=== Record extracts ===

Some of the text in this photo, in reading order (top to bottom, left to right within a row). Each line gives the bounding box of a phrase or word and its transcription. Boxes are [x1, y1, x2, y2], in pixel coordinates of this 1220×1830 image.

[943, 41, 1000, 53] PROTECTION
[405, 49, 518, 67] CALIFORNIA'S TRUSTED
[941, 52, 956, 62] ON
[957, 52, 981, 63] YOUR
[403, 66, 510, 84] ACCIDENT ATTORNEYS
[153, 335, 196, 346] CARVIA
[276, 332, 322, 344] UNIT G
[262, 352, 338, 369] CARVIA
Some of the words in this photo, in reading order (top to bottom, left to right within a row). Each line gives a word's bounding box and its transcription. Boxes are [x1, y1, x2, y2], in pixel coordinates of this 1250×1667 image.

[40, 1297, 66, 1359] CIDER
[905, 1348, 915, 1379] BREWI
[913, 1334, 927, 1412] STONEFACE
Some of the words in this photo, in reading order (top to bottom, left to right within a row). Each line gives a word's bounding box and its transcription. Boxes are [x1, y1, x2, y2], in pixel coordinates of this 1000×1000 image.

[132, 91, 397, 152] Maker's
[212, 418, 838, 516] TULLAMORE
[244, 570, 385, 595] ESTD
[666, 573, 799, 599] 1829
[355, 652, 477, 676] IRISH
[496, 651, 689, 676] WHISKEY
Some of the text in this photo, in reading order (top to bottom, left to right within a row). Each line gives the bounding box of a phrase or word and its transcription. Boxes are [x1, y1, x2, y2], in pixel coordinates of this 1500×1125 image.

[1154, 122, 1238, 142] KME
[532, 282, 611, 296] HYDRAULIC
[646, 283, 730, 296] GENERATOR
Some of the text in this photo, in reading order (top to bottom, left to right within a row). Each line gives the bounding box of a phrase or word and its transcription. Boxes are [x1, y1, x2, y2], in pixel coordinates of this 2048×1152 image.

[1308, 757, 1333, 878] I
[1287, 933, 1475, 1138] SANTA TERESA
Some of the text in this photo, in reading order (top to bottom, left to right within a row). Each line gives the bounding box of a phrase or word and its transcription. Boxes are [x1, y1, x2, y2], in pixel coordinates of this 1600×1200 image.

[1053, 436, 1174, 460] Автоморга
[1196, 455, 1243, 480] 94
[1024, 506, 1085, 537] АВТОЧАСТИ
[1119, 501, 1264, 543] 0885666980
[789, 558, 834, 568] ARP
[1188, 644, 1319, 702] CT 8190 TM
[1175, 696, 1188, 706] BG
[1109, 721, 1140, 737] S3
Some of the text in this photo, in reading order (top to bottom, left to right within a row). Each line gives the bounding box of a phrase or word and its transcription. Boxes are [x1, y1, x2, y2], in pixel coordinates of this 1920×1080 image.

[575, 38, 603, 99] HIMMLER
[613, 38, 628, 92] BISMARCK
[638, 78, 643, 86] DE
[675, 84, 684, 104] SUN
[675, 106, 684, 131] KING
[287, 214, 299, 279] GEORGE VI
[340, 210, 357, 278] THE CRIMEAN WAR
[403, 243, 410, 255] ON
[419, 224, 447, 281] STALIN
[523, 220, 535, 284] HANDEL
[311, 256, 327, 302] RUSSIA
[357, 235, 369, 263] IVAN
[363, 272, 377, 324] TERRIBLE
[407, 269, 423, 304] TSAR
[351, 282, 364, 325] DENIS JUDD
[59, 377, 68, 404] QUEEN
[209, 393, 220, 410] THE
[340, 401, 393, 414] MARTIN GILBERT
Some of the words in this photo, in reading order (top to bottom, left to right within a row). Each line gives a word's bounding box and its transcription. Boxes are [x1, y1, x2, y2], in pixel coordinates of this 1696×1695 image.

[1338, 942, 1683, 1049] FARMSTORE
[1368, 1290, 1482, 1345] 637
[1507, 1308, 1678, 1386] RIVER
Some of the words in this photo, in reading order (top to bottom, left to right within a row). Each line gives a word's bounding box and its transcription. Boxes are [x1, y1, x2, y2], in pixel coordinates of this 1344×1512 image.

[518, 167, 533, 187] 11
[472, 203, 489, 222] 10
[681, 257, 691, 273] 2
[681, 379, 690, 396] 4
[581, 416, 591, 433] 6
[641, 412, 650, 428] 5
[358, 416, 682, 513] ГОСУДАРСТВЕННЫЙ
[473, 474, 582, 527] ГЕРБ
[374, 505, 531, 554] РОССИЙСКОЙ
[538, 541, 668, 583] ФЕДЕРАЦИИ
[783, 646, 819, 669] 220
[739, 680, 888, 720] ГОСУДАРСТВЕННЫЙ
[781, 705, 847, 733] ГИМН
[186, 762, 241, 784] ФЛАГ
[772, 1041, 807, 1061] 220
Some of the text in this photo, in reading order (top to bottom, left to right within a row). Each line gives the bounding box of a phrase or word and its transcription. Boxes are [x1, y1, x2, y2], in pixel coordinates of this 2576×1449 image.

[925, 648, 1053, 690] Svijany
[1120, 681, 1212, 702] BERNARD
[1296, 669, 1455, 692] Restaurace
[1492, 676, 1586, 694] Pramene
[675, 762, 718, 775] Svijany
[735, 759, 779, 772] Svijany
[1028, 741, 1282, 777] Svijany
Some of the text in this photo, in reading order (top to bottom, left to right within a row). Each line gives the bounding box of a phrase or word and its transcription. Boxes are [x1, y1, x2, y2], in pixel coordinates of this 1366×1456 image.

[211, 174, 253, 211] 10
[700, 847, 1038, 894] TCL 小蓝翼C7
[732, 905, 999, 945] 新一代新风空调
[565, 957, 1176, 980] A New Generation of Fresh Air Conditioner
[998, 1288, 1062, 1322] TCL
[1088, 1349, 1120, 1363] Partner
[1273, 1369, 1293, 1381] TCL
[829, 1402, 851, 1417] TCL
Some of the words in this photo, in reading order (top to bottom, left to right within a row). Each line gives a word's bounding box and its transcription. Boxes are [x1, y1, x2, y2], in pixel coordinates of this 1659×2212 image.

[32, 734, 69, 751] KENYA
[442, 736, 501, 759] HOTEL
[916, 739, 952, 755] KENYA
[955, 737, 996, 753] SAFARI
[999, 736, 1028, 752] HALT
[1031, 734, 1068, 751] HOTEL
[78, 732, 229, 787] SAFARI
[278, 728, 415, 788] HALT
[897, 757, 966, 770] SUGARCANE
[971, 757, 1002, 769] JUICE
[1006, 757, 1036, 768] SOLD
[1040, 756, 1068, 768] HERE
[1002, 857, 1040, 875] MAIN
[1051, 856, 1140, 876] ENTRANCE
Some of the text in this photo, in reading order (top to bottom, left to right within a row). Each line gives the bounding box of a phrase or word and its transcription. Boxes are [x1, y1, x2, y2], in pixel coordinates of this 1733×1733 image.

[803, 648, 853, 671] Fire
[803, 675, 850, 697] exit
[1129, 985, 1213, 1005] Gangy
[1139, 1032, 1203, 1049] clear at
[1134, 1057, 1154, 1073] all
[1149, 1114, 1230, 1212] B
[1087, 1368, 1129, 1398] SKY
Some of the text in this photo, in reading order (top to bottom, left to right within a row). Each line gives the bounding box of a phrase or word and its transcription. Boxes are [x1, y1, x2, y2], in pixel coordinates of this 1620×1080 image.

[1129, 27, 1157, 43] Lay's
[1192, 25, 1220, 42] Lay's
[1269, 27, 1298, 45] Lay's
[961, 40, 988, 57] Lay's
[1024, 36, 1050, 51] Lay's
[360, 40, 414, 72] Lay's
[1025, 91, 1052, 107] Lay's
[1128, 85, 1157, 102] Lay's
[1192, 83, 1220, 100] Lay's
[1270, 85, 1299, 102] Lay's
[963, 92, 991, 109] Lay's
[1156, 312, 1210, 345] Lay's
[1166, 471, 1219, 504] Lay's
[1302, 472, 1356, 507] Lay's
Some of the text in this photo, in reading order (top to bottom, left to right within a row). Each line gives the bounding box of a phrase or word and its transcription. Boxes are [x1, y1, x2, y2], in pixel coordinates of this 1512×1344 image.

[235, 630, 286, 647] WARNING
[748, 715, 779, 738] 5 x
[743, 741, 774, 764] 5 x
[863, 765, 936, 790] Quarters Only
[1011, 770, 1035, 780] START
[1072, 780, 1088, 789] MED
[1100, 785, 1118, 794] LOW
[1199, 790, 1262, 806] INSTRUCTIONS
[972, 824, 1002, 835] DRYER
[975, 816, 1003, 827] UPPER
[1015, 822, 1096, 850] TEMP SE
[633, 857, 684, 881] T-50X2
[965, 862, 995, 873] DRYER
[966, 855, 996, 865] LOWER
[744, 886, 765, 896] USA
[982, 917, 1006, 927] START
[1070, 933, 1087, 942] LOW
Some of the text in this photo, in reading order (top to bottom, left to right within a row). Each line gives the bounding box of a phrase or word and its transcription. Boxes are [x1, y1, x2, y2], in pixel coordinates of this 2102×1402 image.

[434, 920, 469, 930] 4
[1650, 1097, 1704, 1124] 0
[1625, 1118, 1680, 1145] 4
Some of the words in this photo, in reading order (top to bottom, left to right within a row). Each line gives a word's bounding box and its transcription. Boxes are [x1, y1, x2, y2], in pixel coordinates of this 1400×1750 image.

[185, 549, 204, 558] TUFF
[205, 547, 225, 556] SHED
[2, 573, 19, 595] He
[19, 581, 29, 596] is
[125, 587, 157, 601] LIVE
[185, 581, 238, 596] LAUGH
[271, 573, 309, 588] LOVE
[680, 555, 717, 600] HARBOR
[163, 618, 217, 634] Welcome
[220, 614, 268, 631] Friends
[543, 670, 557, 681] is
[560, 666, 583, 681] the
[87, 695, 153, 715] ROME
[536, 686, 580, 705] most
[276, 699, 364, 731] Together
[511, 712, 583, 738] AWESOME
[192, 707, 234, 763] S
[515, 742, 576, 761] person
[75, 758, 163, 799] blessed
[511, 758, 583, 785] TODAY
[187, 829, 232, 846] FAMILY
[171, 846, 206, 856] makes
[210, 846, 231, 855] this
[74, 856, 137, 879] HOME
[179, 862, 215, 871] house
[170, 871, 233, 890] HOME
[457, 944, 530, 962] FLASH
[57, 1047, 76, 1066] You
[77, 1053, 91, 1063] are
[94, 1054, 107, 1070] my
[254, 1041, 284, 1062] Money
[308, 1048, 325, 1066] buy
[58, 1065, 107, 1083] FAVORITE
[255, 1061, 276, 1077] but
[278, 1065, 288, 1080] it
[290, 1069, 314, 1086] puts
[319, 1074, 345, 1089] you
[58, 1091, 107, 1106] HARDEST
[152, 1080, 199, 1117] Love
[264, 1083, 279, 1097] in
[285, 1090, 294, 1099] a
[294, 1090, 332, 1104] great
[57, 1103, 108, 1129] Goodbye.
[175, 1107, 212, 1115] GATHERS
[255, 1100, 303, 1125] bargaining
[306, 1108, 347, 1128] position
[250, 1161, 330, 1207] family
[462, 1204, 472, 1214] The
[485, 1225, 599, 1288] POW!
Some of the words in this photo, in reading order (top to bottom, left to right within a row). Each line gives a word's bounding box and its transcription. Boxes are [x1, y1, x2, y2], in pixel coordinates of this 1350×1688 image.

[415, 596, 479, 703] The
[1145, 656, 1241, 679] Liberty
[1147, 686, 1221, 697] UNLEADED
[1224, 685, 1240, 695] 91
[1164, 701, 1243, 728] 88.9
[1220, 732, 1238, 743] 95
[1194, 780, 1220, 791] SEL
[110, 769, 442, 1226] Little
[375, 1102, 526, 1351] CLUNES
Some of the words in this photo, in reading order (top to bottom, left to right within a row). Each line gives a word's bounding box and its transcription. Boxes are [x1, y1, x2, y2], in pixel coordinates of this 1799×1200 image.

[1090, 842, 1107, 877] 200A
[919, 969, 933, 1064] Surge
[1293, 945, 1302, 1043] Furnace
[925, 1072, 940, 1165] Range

===

The requested lines run from the one with "this 1799×1200 image." through the last line of the records. Return them exactly.

Some of the words in this photo, in reading order (top to bottom, left to right within a row). Each line gives a word's bounding box and its transcription. Boxes are [x1, y1, x2, y2], in pixel coordinates of this 1799×1200 image.

[1090, 842, 1107, 877] 200A
[919, 969, 933, 1064] Surge
[1293, 945, 1302, 1043] Furnace
[925, 1072, 940, 1165] Range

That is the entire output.